| EXERCISE DIRECTIONS |
Lines from the one containing "Some of the words" through the last one in the data below: write them out word for word, and only them.

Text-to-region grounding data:
────────────────────

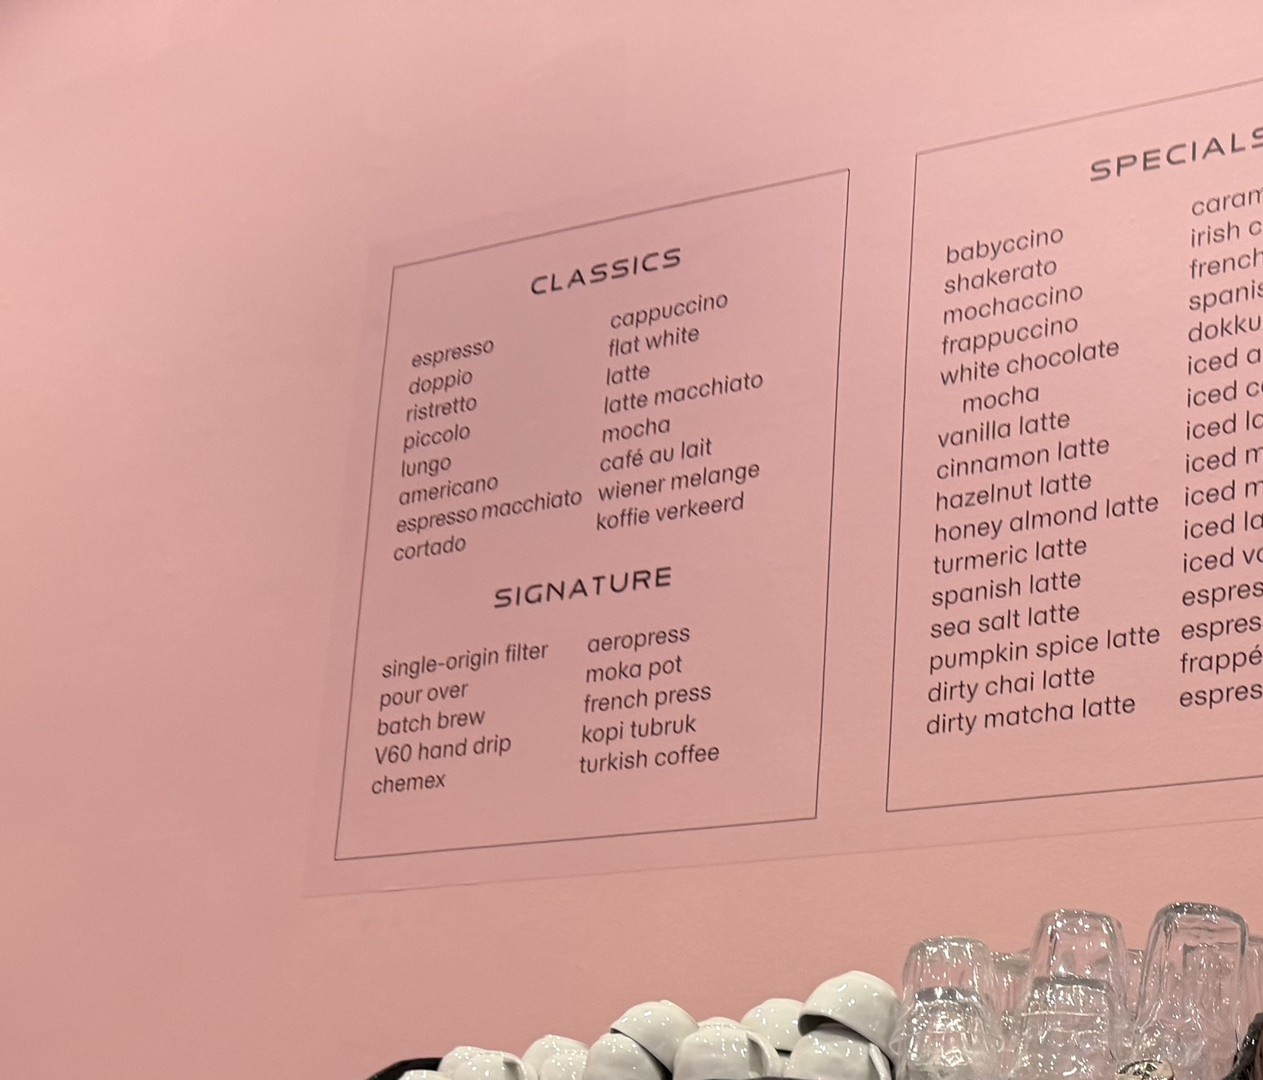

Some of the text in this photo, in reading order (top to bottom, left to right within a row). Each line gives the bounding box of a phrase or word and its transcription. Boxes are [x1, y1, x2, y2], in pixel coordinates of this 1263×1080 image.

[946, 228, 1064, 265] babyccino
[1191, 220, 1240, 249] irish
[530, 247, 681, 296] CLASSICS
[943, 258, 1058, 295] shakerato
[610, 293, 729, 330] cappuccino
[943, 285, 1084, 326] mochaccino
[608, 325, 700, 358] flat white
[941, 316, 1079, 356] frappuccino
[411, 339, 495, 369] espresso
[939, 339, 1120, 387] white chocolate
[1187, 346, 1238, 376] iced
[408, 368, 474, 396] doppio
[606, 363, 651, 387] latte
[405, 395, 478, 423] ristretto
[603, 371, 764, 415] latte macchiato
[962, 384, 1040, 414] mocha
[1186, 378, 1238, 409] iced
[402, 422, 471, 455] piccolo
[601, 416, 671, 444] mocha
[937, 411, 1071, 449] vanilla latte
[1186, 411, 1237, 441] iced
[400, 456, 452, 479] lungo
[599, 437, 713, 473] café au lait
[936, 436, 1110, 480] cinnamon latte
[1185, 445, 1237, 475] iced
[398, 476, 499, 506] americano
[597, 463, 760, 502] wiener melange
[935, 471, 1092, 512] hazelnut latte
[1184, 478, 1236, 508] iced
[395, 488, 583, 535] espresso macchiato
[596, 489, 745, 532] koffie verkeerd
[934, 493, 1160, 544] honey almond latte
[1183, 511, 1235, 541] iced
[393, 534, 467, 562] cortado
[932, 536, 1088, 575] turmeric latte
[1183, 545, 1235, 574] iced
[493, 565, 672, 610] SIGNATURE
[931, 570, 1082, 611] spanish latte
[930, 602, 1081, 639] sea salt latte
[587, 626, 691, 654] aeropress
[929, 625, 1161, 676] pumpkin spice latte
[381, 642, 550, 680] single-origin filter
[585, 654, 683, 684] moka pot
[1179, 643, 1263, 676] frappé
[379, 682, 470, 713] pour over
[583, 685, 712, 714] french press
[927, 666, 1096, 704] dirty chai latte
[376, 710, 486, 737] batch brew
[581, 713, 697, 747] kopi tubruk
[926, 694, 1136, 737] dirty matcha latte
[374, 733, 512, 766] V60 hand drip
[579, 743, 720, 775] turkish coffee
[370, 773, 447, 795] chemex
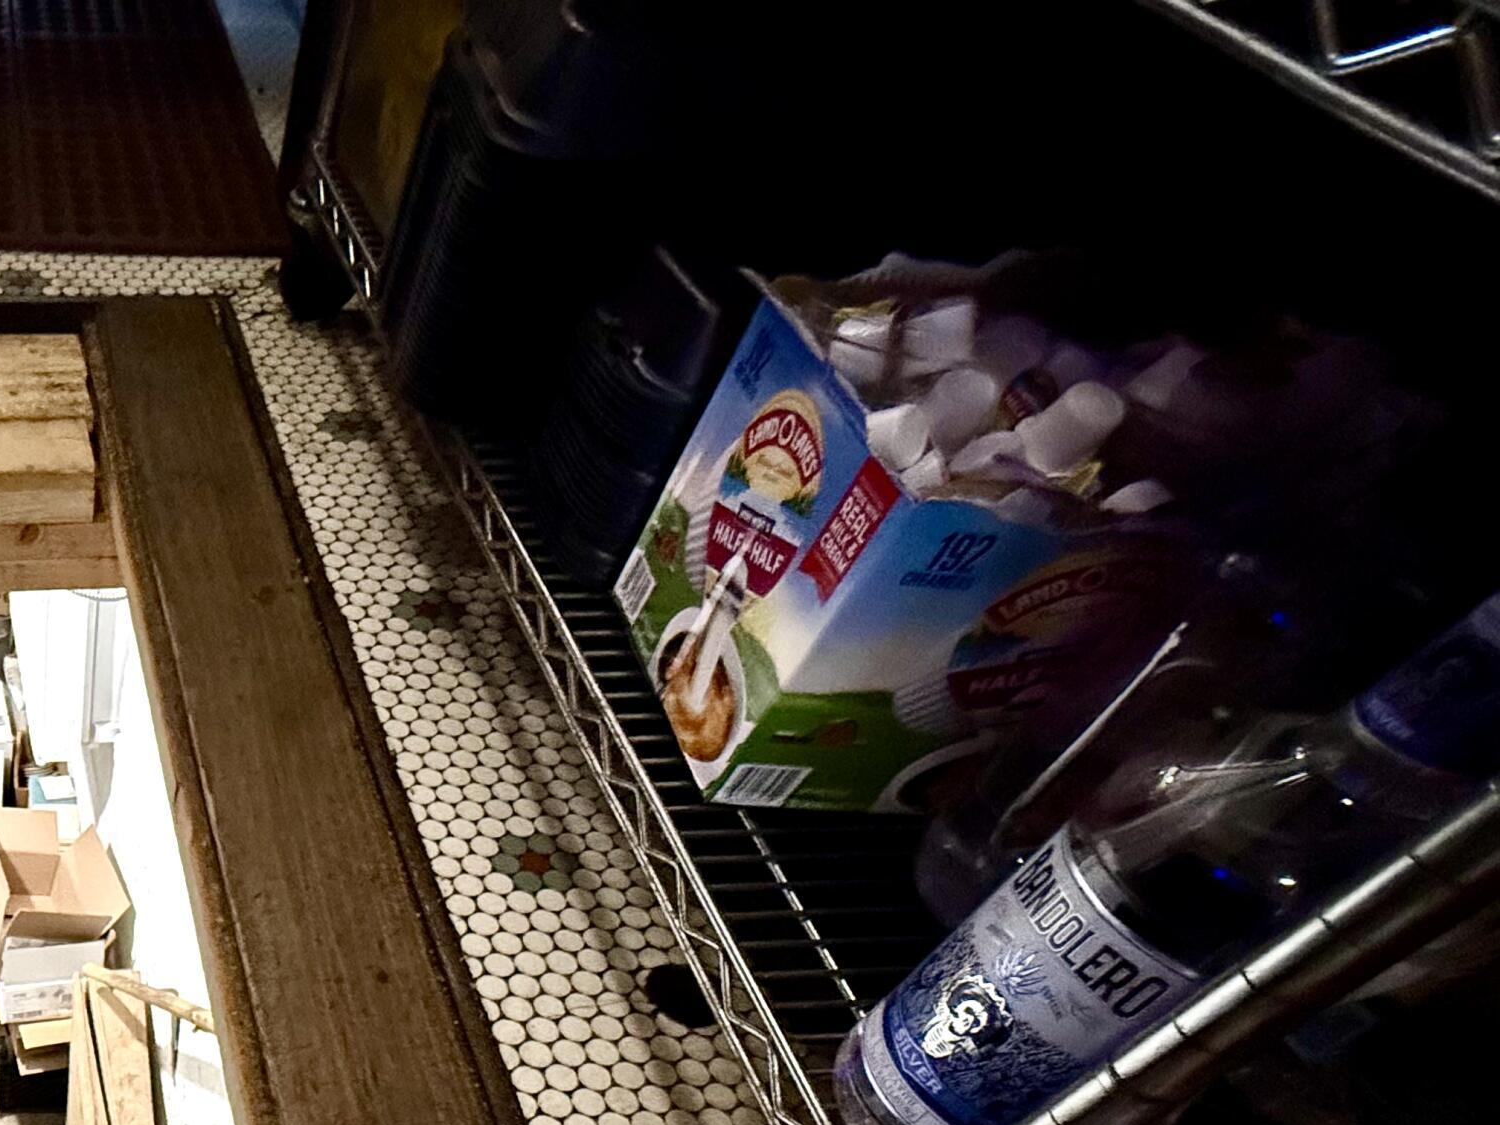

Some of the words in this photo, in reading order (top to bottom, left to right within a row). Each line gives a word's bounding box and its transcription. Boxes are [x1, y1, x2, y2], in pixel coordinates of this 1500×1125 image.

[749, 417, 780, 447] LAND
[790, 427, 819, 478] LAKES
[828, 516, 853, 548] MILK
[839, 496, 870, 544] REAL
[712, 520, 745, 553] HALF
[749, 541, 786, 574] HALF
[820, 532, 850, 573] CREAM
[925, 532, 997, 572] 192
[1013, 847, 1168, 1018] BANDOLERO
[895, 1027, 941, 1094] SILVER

────────────────────

| ANSWER |
Some of the words in this photo, in reading order (top to bottom, left to right within a row). Each line gives a word's bounding box and its transcription. Boxes are [x1, y1, x2, y2], in pixel coordinates of this 1500×1125 image.

[749, 417, 780, 447] LAND
[790, 427, 819, 478] LAKES
[828, 516, 853, 548] MILK
[839, 496, 870, 544] REAL
[712, 520, 745, 553] HALF
[749, 541, 786, 574] HALF
[820, 532, 850, 573] CREAM
[925, 532, 997, 572] 192
[1013, 847, 1168, 1018] BANDOLERO
[895, 1027, 941, 1094] SILVER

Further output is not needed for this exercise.